I am using this kind of spectrum now, too high in blues and far red ..but I am just experimenting..


View attachment 4849833


and also this..


View attachment 4849836
I cant tellya how bad I want a spectrometer.. But the $$ are crazy high. I do plan to build one eventually, DIY sensor from a dig cam and an open source platform for pc. But now I am all about lights... I want to get them here so I can move on to all the other countless tasks ahead.
While I have you, what temp gun are you using, and are you happy with it? How are you DIYing your light? I watched how they make the boards, that was interesting, so you buy a board and cannibalize it to add the leds you want? Or buy board with all the white color flavor
and then pull some chips and put in your reds or blues?
Lights.. I am old dog, but I need to know how this led stuff works so I have been reading, watching, and listening. I look at specs for a board, linear lighting module, not even sure the proper term for that, and the specs are... shit, over my head. Old bench tech, I remember 70's and 80's tech, so the construction of this I get. But those specs. Let me take a stab, forward voltage, lets say 10 volts, is what the led calls for to fire. anything below the threashold and no led output. so you give it ten, regulated by the driver and now you have light, how much light is the function of current through the led. I see test currents, and max currents, which I assume will chew up the chip prematurly mostly do to the heat produced within the chip, so driving leds is a bit of a balancing act. To keep the heat down in an enlclosed grow space, running chips at 50~75% amperage is the deal. so whatever you want for total wattage, say.. Ummm.. 500 watts, would take 1000 possible chip watts to accomplish? So to keep from having 100' of linear strips to accomplish what 50' would do, you need to have higher wattage leds? How am I doing?? So at 50% power no heat sink and all the little critters are glowing and happy, while I just want to get out my buggy whip and beat them into compliance. So I add a heat sink.. formula for heat dissapation I have, thats doable, but now I have a shitload of marking, drilling and tapping for the screws to hold those boards on the strips.. OK, if I have to.. Then I crank up a board thats says its comfortable at 25w, to 50w or 500ma to 1amp and now we are cooking.. right? OR---> do I seek out a board that at 50% puts out 50w/100w?

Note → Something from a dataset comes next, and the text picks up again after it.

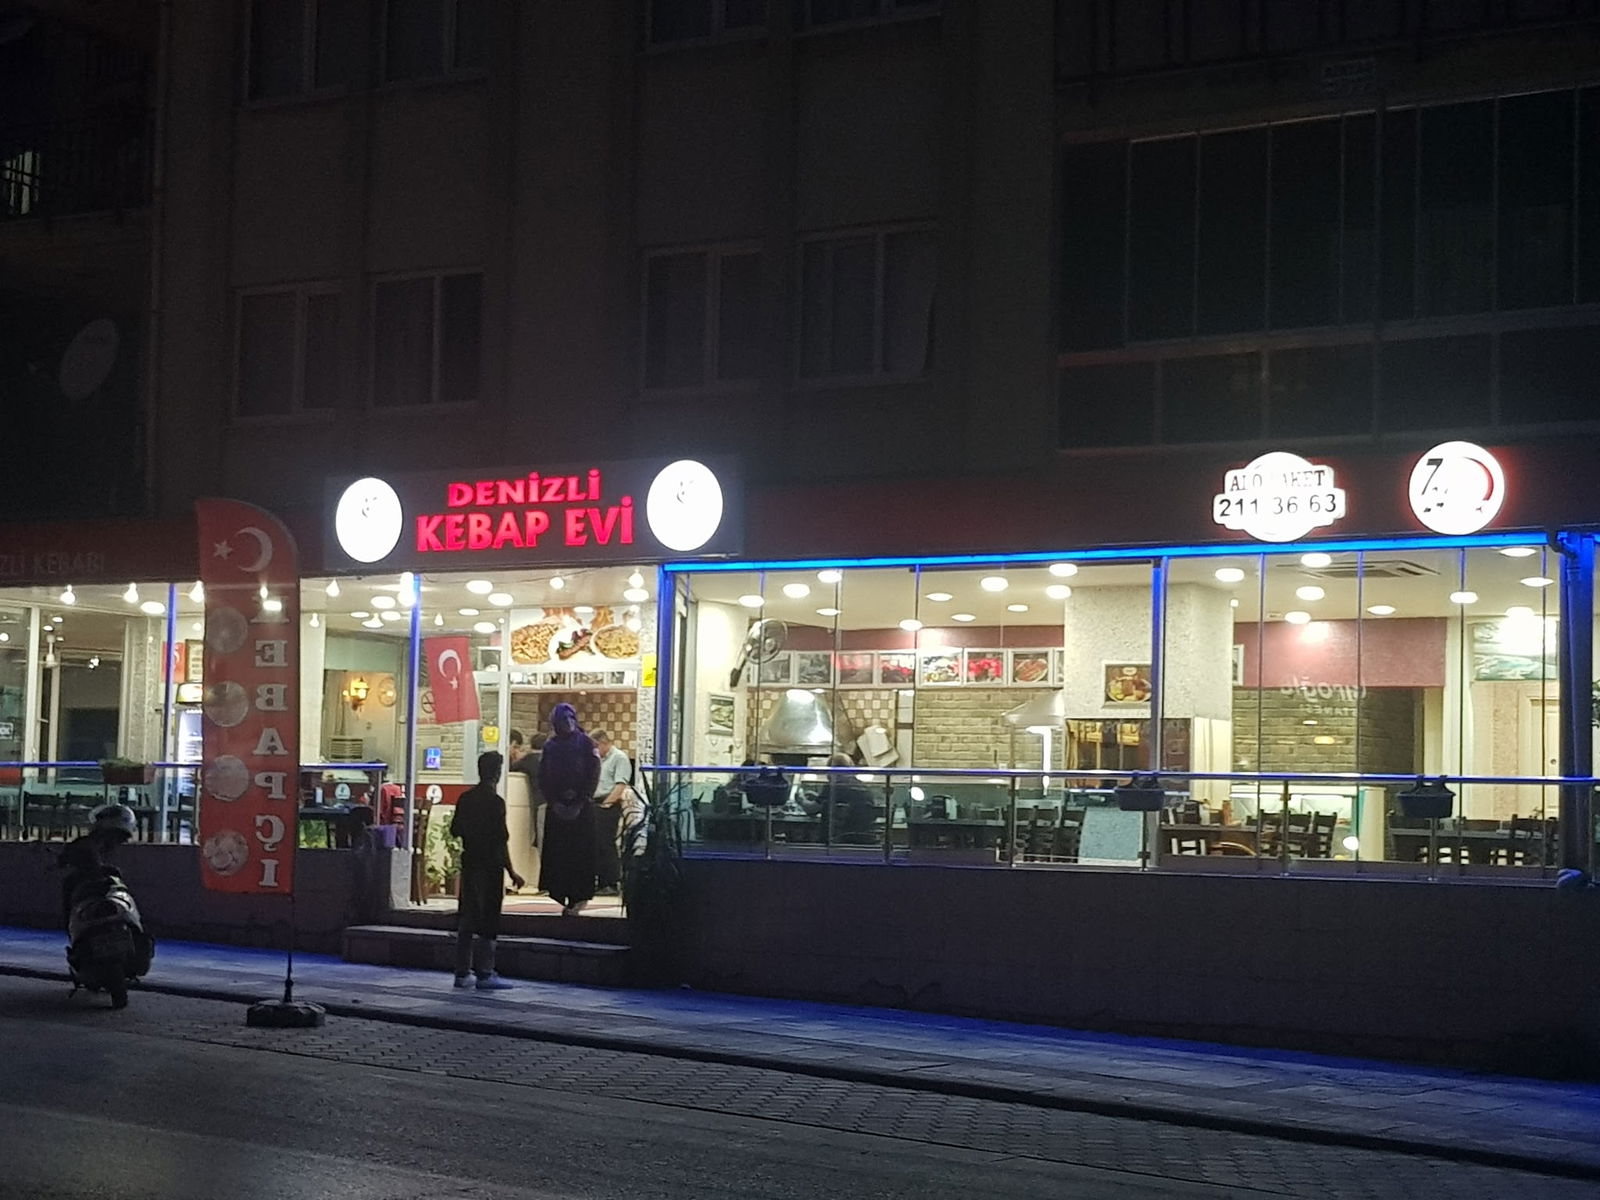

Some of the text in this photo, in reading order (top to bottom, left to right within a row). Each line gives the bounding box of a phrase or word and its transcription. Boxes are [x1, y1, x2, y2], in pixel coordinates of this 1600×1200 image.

Is there such an animal?
Now I see myself in the cob range.. fairly big ones I think to cut down all that pesky mounting bullshit. augmenting with some fancy hi output reds and ir. Am I tracking?? I was all set to use the Samsung horticulture boards with a few red chips in them, but they were kinda spendy, not bad, I was ready to pull the trigger, and while taking one last spin around the dance floor, I found CRI.. holy cow.. whats that? Back to the specs on the boards and everything is 80. So I started looking for 90's, thats when I found, what seemed to be the holy grail.. there were angels singing, birds chirping and dogs howling..BAM.. the spectrum charts where so fat. Then a guy here says screw the fat spectrum. It doesnt really mean anything. He said it better, and used some simplified math as an example, so I took it to heart, and went out with question for google that had never occurred to me to ask, "why dont I want 95CRI leds for growing?" Havent heard back from him. After spending 2 solid weeks reading and listening to growers and educators talk about light and plants, I figure outside is best.. right? Outside they get the full monty. So if I give them the the fattest, spectrum from 280~800nm I can, proportionately in outdoor percentages matching the sun, the plant can take what it wants and be happy. Is this just all wrong? I spent some time hanging out with my best friend in humbolt, they were outdoor growers. They did take a stab at indoor grow with hps, but that was in the 70's. We didnt know shit about all this stuff. But those plants filled up his garage with some skank buds. Skank in the best of ways.
Those bulbs, I'm sure were a pale imitation of whats out there now, and the spectrums of HPS/MH/CMH fall short, spectrum wise of these 98cri leds. So if the spectrogram for the cmh, the fattest one I could find, falls short of the 98cri led, what does that mean? I mean REALLY??
If that guy is right, and the fat spectrum of the 98cri cutter board wont grow weed as good and tight as the cmh with less of most everything, then what am I doing? Just go buy a bulb reflector and ballast and forget all this shit..right? But I live in the bush, and if I have an equipment failure with a bulb or ballast, I am screwed. And if i buy 2 of everything I am in the shit for $$. If I go led, I can break the total lighting into segments all powered seperatly, and if failure occurs I can replace a driver as I will buy a couple extras just for that fail, and if some leds go out, who cares. When I pull the trigger I plan to get a handfull of all the chips on those boards just for repairs.. My grow light spare tire if you will.
I will attempt to post a couple of these here. The last time they came out all fuzzy so I must be doing something wrong. Sorry this was so long. And I sincerely thank anyone with the fortitude, and/or the time to read this. I hope it makes sense to someone as I need answers.
Being new to all this posting stuff, I think this topic is in the wrong zone. I was attempting to reach a fella that answered me yesterday.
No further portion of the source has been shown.